I dabbed at the blood with a cotton swab soaked in a saline cleaning solution. The seepage was already beginning to slow. It touched me to hear him worry. I was a big girl, and this really was nothing, but it was still nice to be fretted over. Made a girl feel special.
I pressed my hand to his chest and very gently said, “I really need to speak with Luc.”
A muscle in his jaw flexed. I could tell he wanted to say more, but finally his shoulders slumped and he gave a swift nod, then vanished.
I hung up a sign on the fence so I wouldn’t be bothered, Ferris ride down for repairs, and finished cleaning up.
I removed the bandage, noticing that the blood was now clotting, and grabbed a gauze dressing and then reached for the tape. All I had was two almost empty spools of green and pink tape with smiley faces on them.

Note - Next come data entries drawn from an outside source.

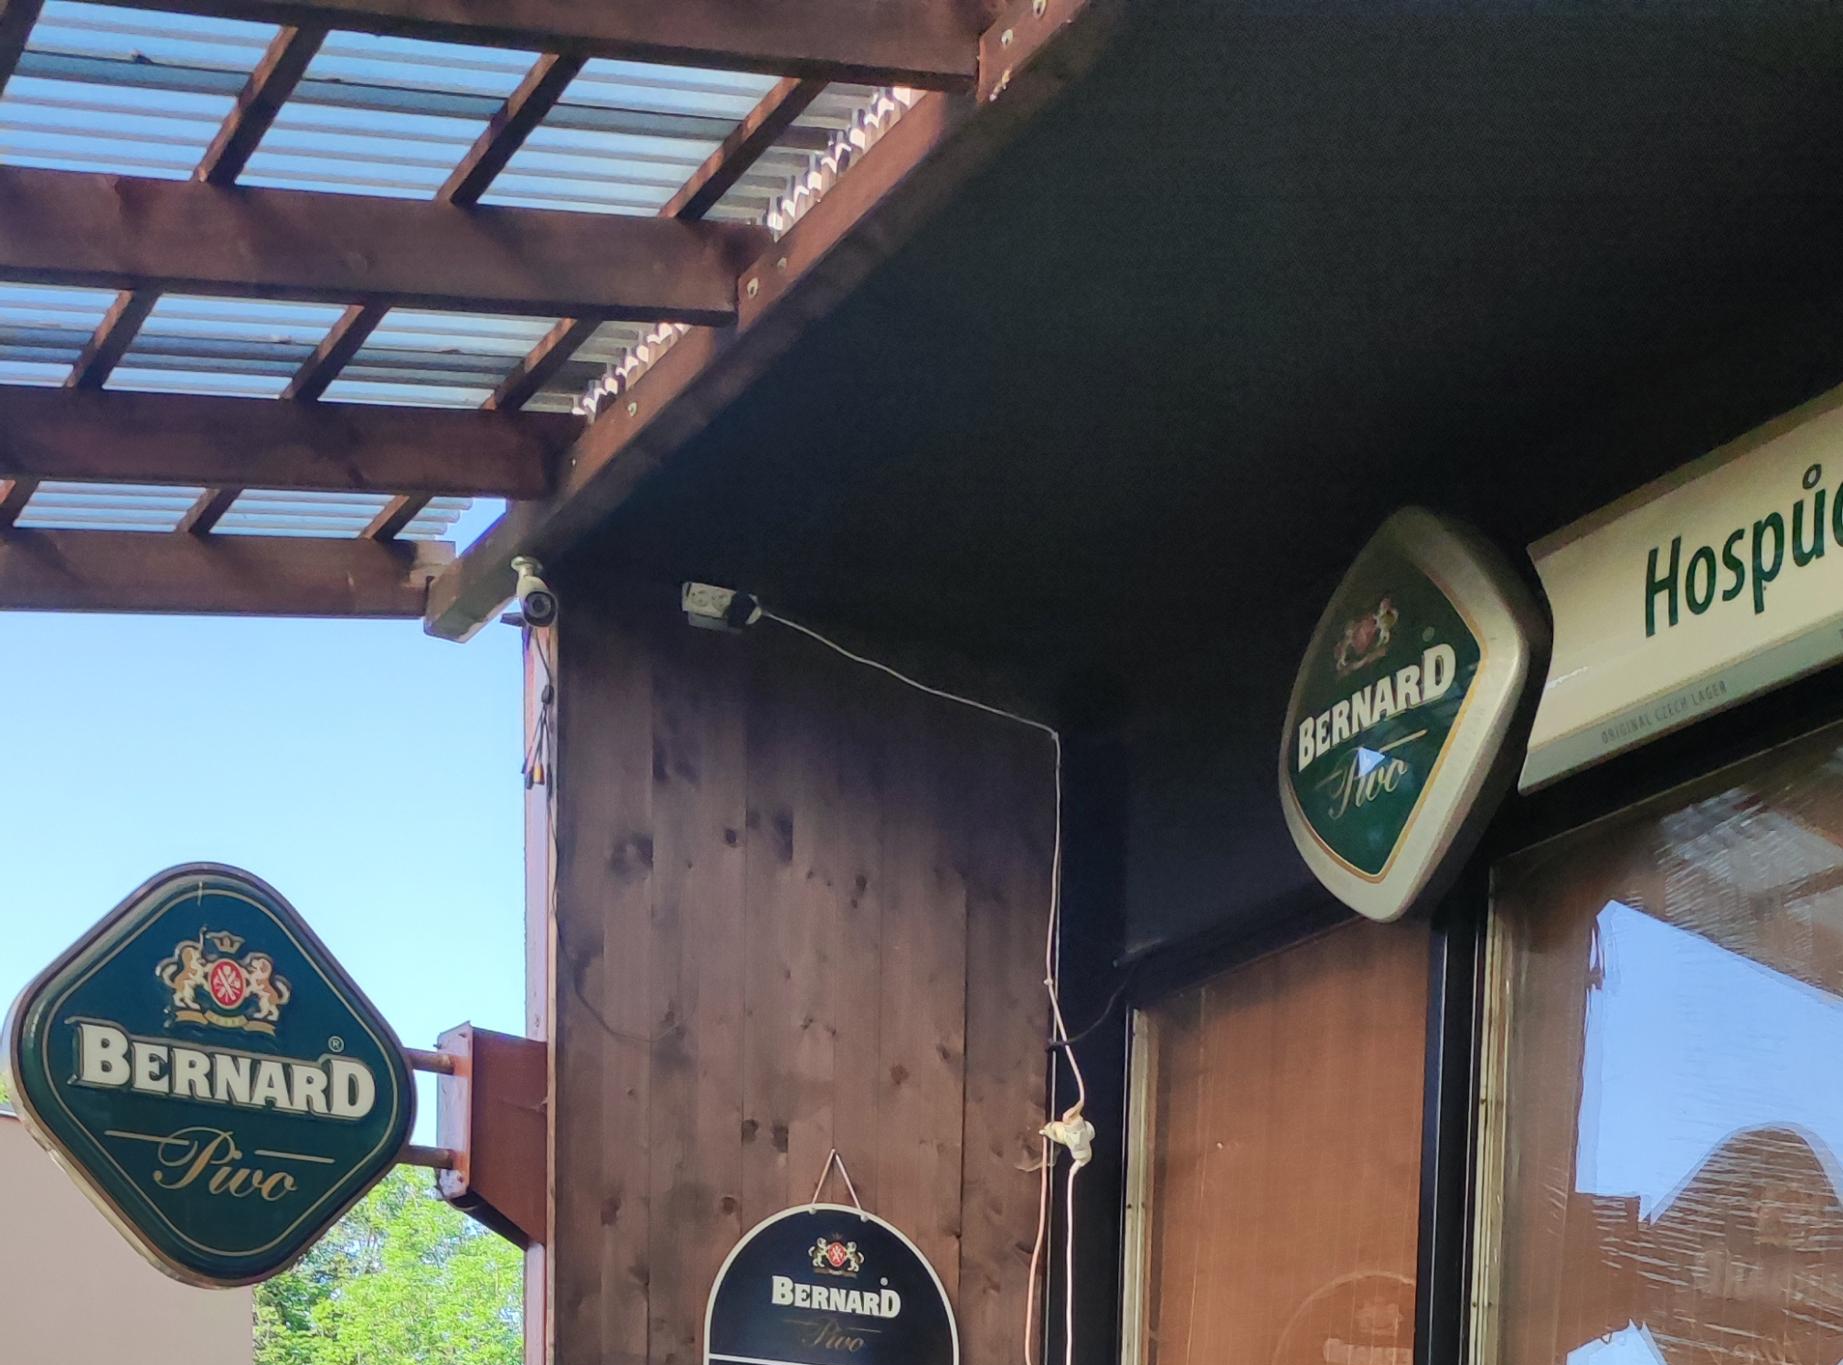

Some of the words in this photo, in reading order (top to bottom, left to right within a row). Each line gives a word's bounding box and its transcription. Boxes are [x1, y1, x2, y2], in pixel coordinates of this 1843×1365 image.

[1298, 643, 1456, 772] BERNARD
[1600, 715, 1650, 744] ORIGINAL
[1654, 700, 1687, 721] CZECH
[1690, 680, 1728, 706] LAGER
[75, 1021, 376, 1120] BERNARD
[154, 1126, 298, 1201] Pivo
[771, 1275, 901, 1318] BERNARD
[801, 1316, 865, 1351] Pivo

“Ugh. You’ve got to be kidding me,” I groaned, remembering the inordinate amount of pleasure Luc had taken when he’d bought it for me over a year ago. Each and every awful method of torture ran through my head, and I vowed to take revenge as I taped it on.

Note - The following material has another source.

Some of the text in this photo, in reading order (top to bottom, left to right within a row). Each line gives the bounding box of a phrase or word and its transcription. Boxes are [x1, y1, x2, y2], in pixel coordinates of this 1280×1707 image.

I smelled the faint odor of sulfur. I turned. Luc’s zipper was undone, his shirt half open. Clearly Kemen had taken my words at face value. I smiled; I do so love that lazy sloth.
His eyes were huge with worry until they settled over the bandage on my arm. Then his lips quirked.
I narrowed my eyes. “You laugh, and I’ll cut your tongue out.”
He licked his lips in a lazy, half-taunting way—calling my bluff. “So what was so urgent that you made Kemen haul my ass out of the tent with threat of pain to my...”
“I followed a pack of vamps tonight...”
He went from sexual teaser to ferocious predator between the span of a breath. “You what?” he asked, his voice nearly a scream. “Alone!”
“Down, kitty. You’re frothing at the mouth.”
Luc grabbed my shoulders, shaking me forcefully. “What were you thinking?” He didn’t give me time to answer. “You weren’t, that’s what.”
I flicked his hands off me. “Spare me your lectures, Luc. We have bigger fish to fry. The vamps killed a girl.”
He finally seemed to be hearing me. His agitated jerky movements stopped, and his lips thinned. “How many?” He’d gone frostbitten, face shuttered, and breathing those slow, deep breaths that meant he was on the verge of turning homicidal.
I licked my lips. If he hadn’t liked what I’d said, then he was really not gonna like this. “There were four.”
He narrowed his eyes, planted his hand on the fence over my shoulder, leaned in and sniffed me, his nose running along my hair. I really hated that nose of his. He was a walking lie detector, able to scent out a lie—or an omission—through the pheromones a body secreted. Yeah, seriously.
“Did you kill them all?”
Hmm, to tell the truth or not to tell the truth? That is the question.